I'm really flummoxed.Earlier I was able to successfully get my system up and running by installing macOS onto my m.2 ssd while leaving my second ssd alone.I decided that I wanted to merge my two ssd together, so I erased my boot drive and went through the steps to fuse the two. It seemed to go off without a hitch because when finished, I started the installation process and was able to select my newly created 'fused' drive for my install location.It then went through the install process like the first time I was successful. The thing that was weird though is that when I got back into clover after the mid-install restart, I saw my USB installer and then two identical drives that said something to the effect of 'Boot install from macOS'. I went ahead and picked one of the two and as far as I could tell there was nothing to indicate any differences between the two drives. I did not see the 'Preboot' option this time. Anyway, the installation process continued.
I seemingly made it to the end. Then the computer restarted.Now the only options I see in BIOS when selecting my boot drives are my two hard drives (neither of them labeled as UEFI) and my USB installer. Before, when I had a working version, my boot drive was labeled with UEFI, and selecting it would boot me into macOS. That is no longer there. So either my system isn't seeing it or the installation didn't finish correctly like I presumed. Now the only bootable drive with a UEFI tag is the USB installer but unlike before, now when I select my installer to get into clover, all it does is hang at the 'Scan Entries' screen.I'm not sure what I did wrong but something isn't right anymore.
What I don't get is that it was working fine before the installation process completed but now I can't access anything.

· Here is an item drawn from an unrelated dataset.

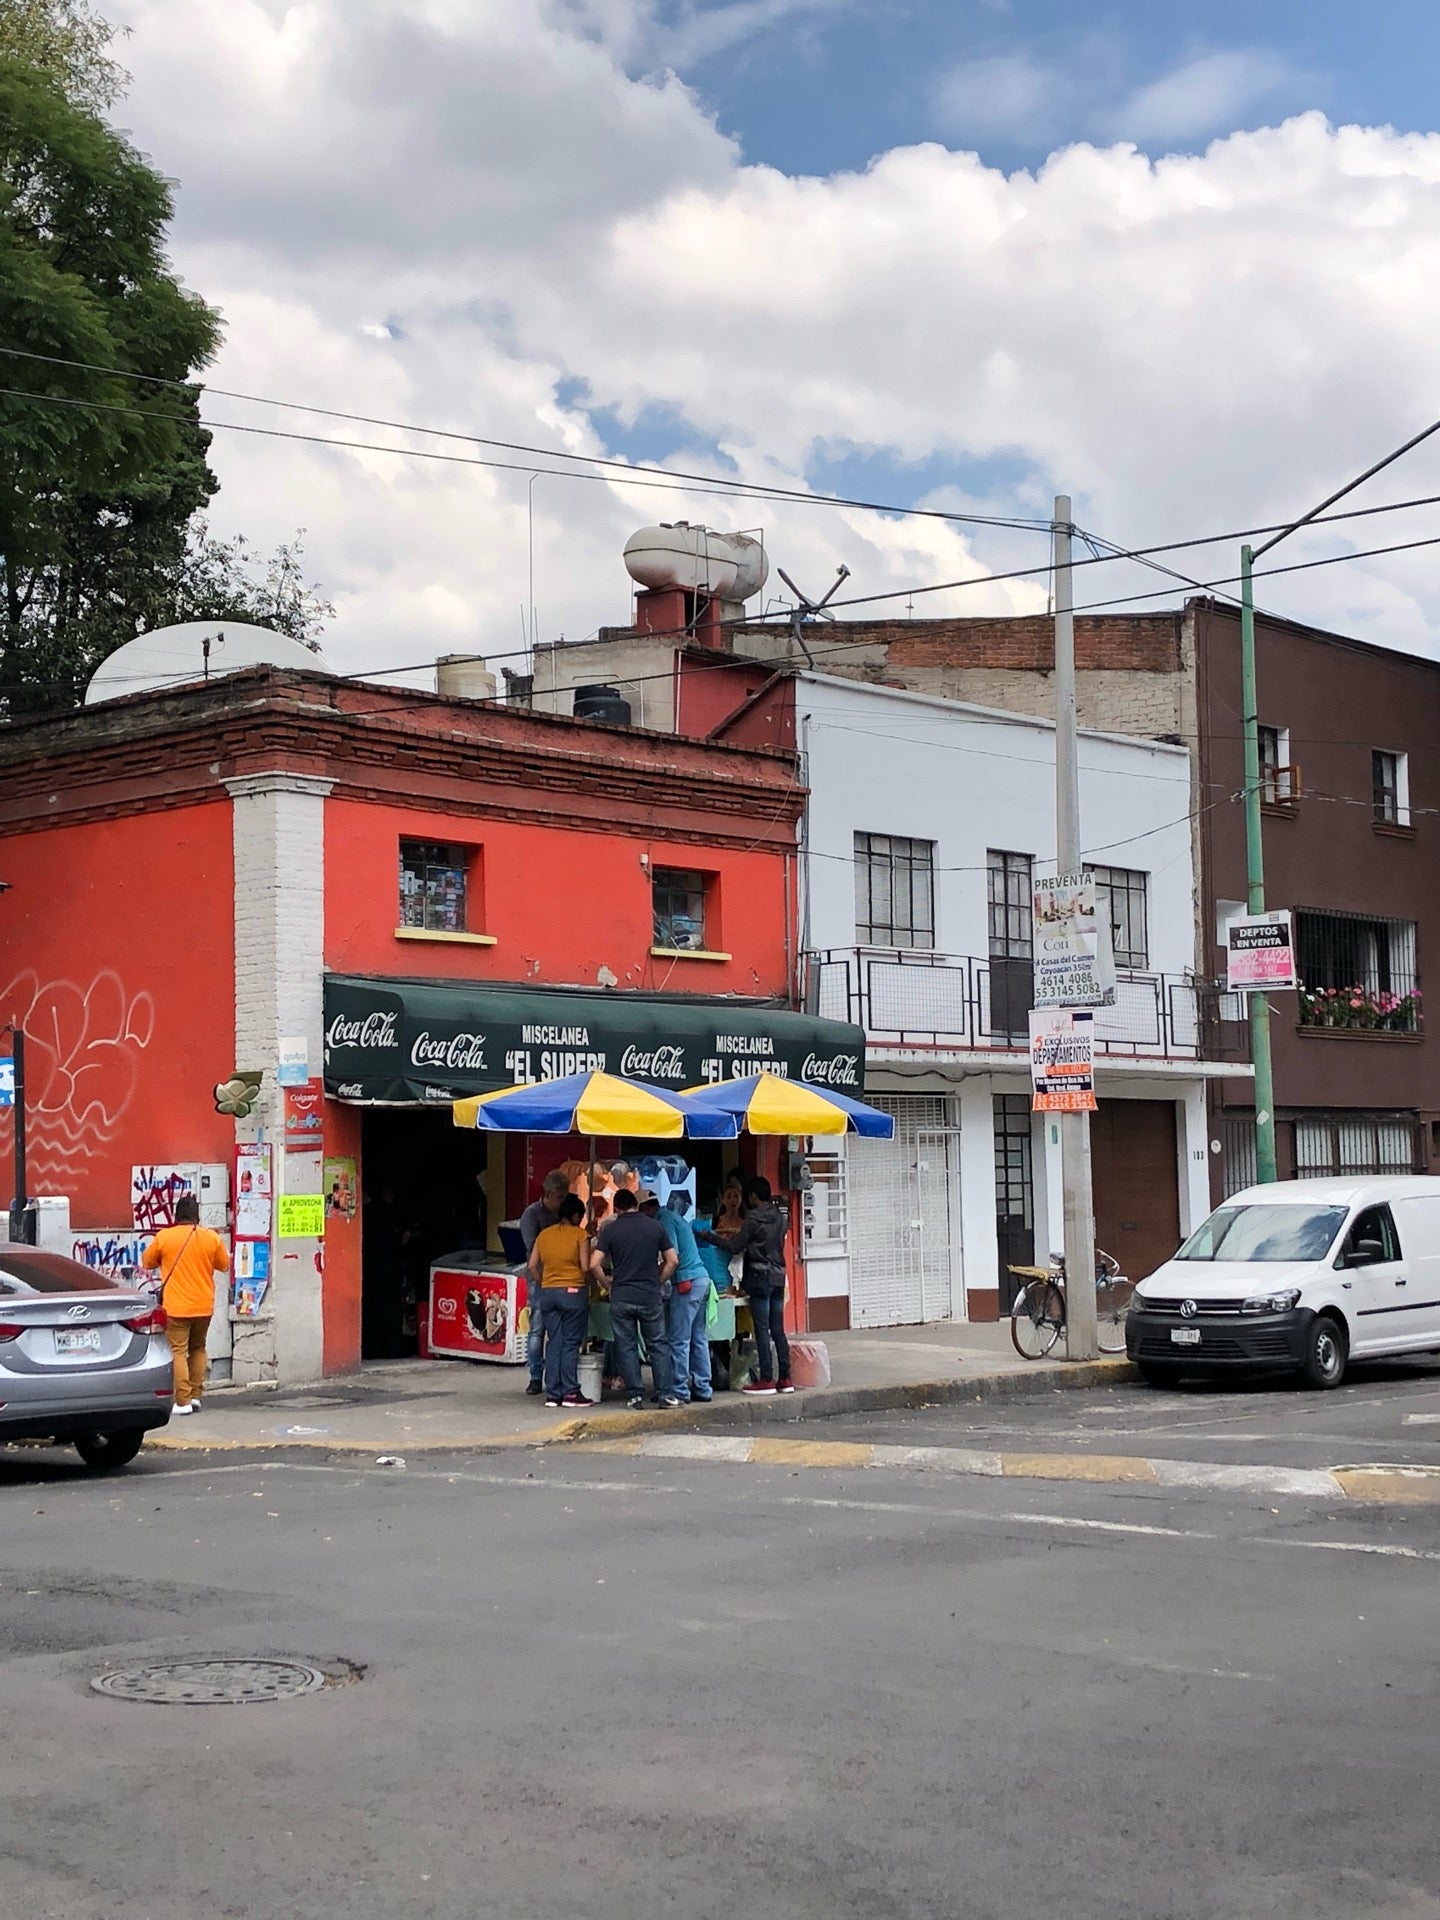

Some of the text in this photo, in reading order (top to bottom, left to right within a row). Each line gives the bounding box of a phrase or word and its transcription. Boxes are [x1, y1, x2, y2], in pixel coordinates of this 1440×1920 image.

I'm wondering if I completely screwed myself over or if this is salvageable.
Is there just some setting that I need to change using Clover Configurator? Despite the fact that I haven't made any changes to my USB Installer/EFI folder is it possible that I need to reinstall Clover Bootloader?When I googled this and found some people suggesting that I make sure I have ApfsDriverLoader.efi or HFSPlus.efi in my drivers64UEFI/ folder, which both are. I'd assume I only need APFS since I installed Mojave?Any help you could provide would be much appreciated.
You need to manually copy a working /EFI/CLOVER/ and /EFI/BOOT/ directory to the EFI partition of either one of your fused drives. Clover installer and MultiBeast are unable to find the EFI partitions when launched from a fusion drive.See my latest post here:A UEFI motherboard shows a drive as bootable if it finds a file named BOOTX64.efi in the /EFI/BOOT/ folder of the EFI partition. I do not think it matters into which of the two EFI partitions you place the boot files, as long as the BIOS sees it.
I used the hard drive, as my older motherboard is unable to boot from NVMe directly.Tip: The easiest way to deal with multiple EFI / FAT32 partitions is to boot into Linux live.